**BRIEF**
In the copy, include no pictures. Reproduce the rest of the entries exactly.

**RECORDS FOR THE EXERCISE**
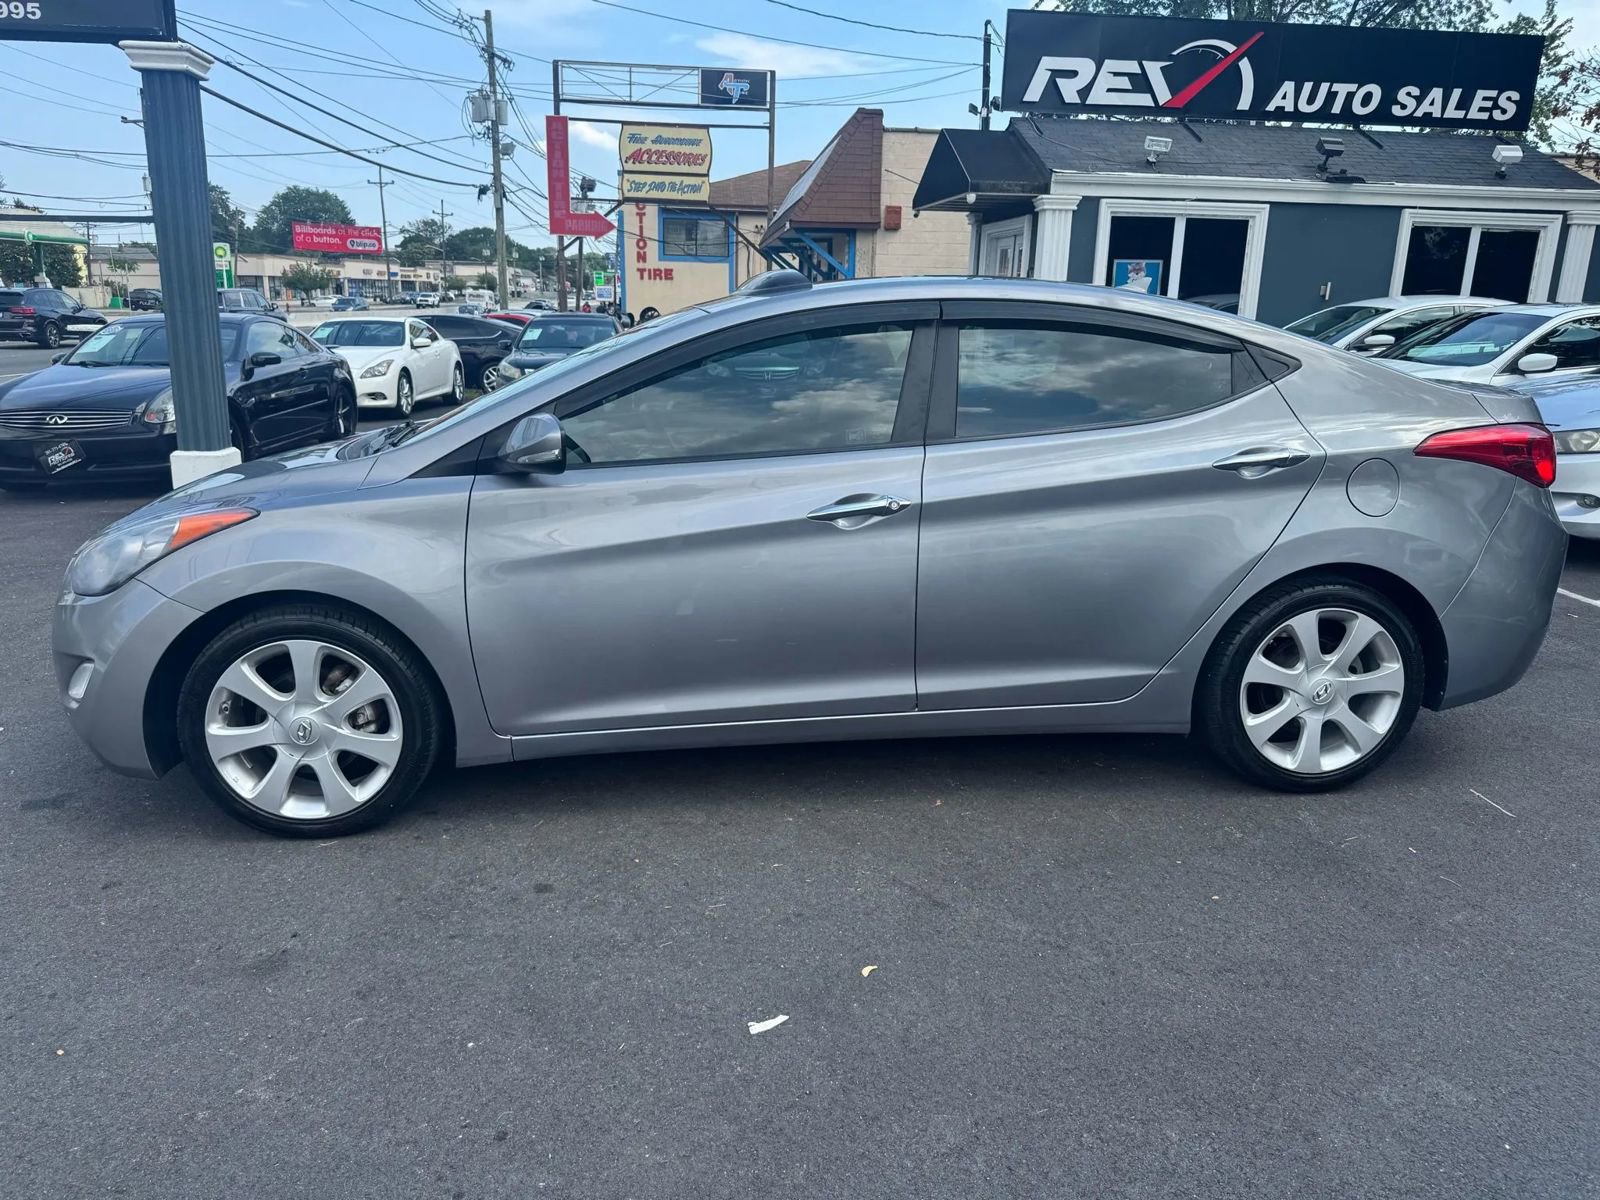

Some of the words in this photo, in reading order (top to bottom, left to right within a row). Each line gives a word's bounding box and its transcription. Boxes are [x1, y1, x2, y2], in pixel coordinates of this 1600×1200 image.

[1265, 81, 1382, 115] AUTO
[1392, 86, 1521, 121] SALES
[624, 148, 708, 167] ACCESSORIES
[295, 225, 336, 235] Billboards
[313, 235, 342, 244] button.
[636, 268, 674, 281] TIRE

**FINISHED TASK**
Some of the words in this photo, in reading order (top to bottom, left to right within a row). Each line gives a word's bounding box and its transcription. Boxes are [x1, y1, x2, y2], in pixel coordinates of this 1600×1200 image.

[1265, 81, 1382, 115] AUTO
[1392, 86, 1521, 121] SALES
[624, 148, 708, 167] ACCESSORIES
[295, 225, 336, 235] Billboards
[313, 235, 342, 244] button.
[636, 268, 674, 281] TIRE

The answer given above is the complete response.